It Wasn't Just 'Bad Kids.' Cheerleaders, Football Players And Preppies In
Plano, Texas, Were Using Heroin -- And Dying. Inside A Three-Year Drug War.

Debbie Marsten can tell you exactly how her son became a statistic. On Nov.
12, 1998, she and her husband, Todd, bailed 18-year-old Tyler out of a
Plano, Texas, jail after an arrest for heroin possession. The family had
tried rehab and they'd tried kicking Tyler out of the house, but after two
years of addiction they were out of ideas. So they brought him home. Tyler
knew he had missed a lot of schoolwork during his three days in jail, but
he didn't realize that his body's tolerance to heroin had dipped.
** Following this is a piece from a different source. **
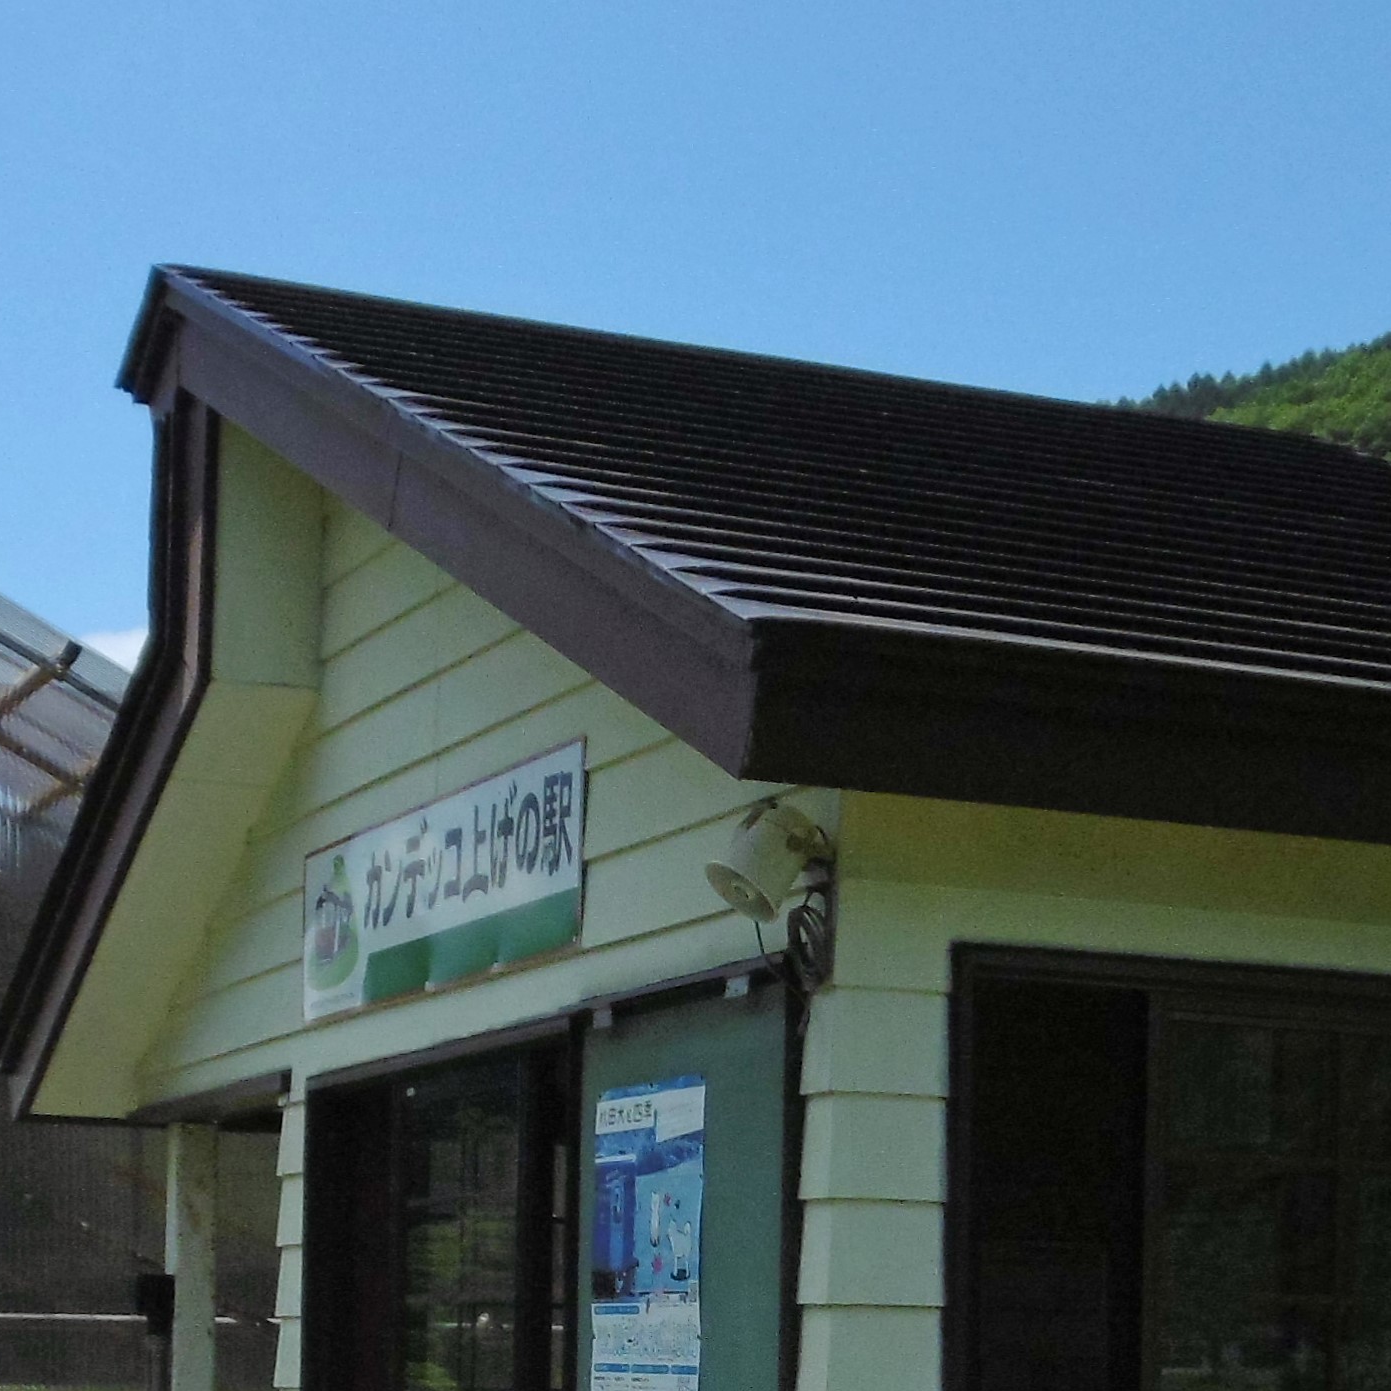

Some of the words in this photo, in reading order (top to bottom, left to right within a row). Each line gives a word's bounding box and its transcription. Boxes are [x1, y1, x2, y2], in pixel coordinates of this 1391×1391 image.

[363, 772, 573, 928] カンデッコ上げの駅
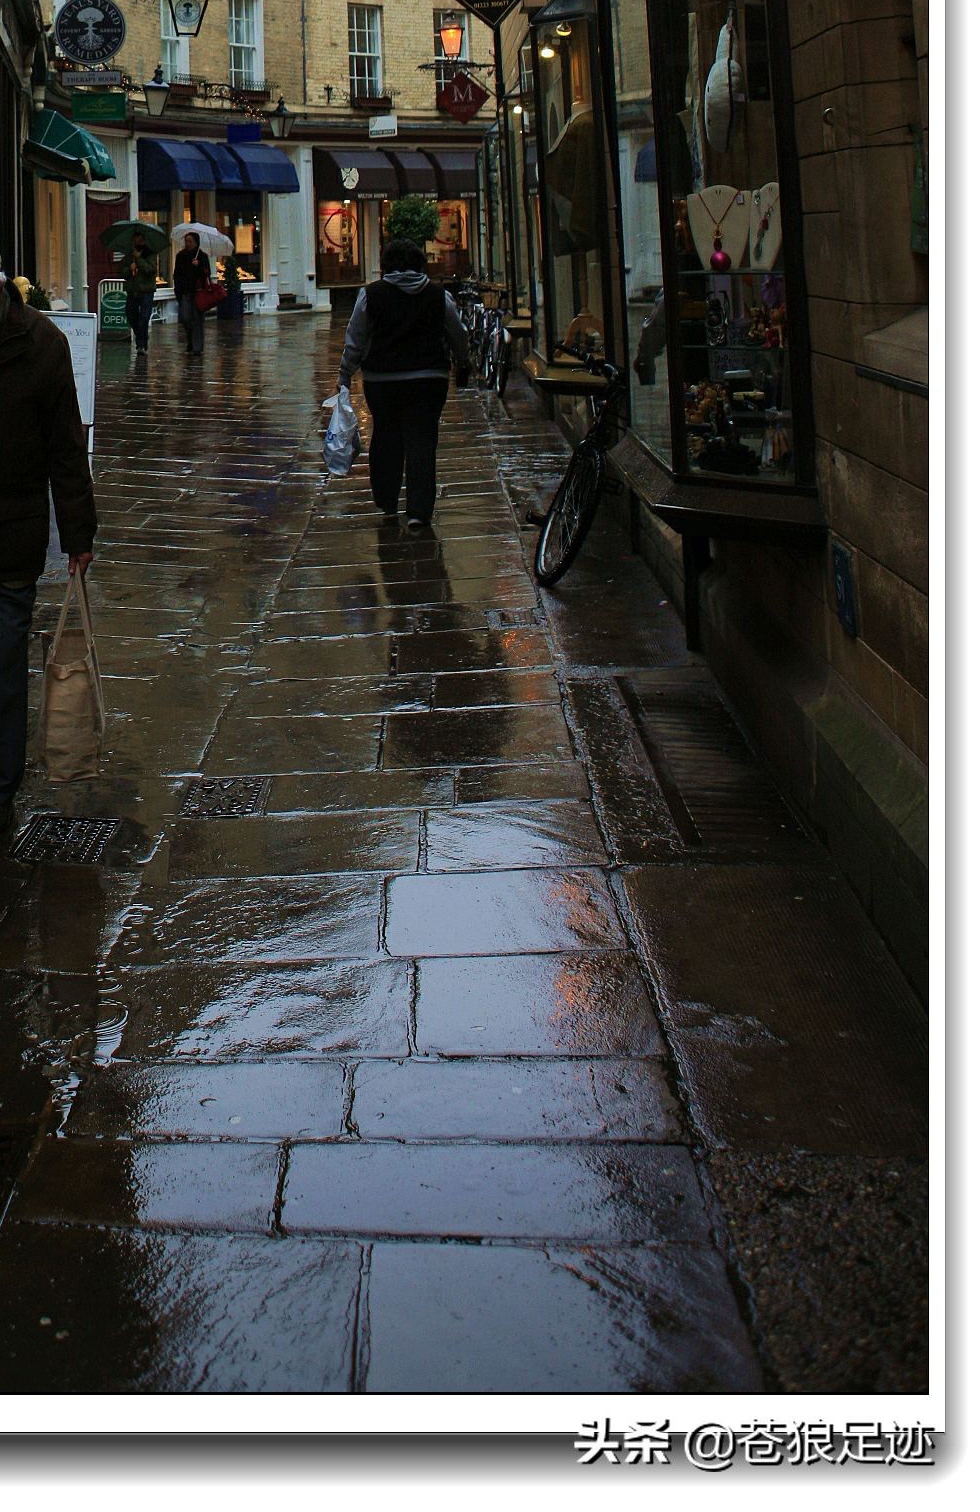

When the
goateed senior went to school the next day to pick up some homework, he
also picked up a lethal dose of the drug. When he went to bed that night he
seemed happy to be home, telling Todd, "Good night, Dad, I love you. My
alarm is set." But it was Tyler's dog Skeeter that woke the family at 3
a.m., not an alarm clock. When the barking wouldn't stop, Debbie ran into
her son's room. "He was cold. Gone," she remembers. "He wasn't even home 36
hours."

In the last three years, the affluent town of Plano has buried 19 young
people because of heroin. The most recent casualty, Tyler Marsten, wasn't
like some of the early ones, kids who didn't know what was actually inside
the $10 "chiva" capsules they were buying, often from Mexican dealers. He
knew he was snorting heroin, with a purity that ran as high as 35 percent.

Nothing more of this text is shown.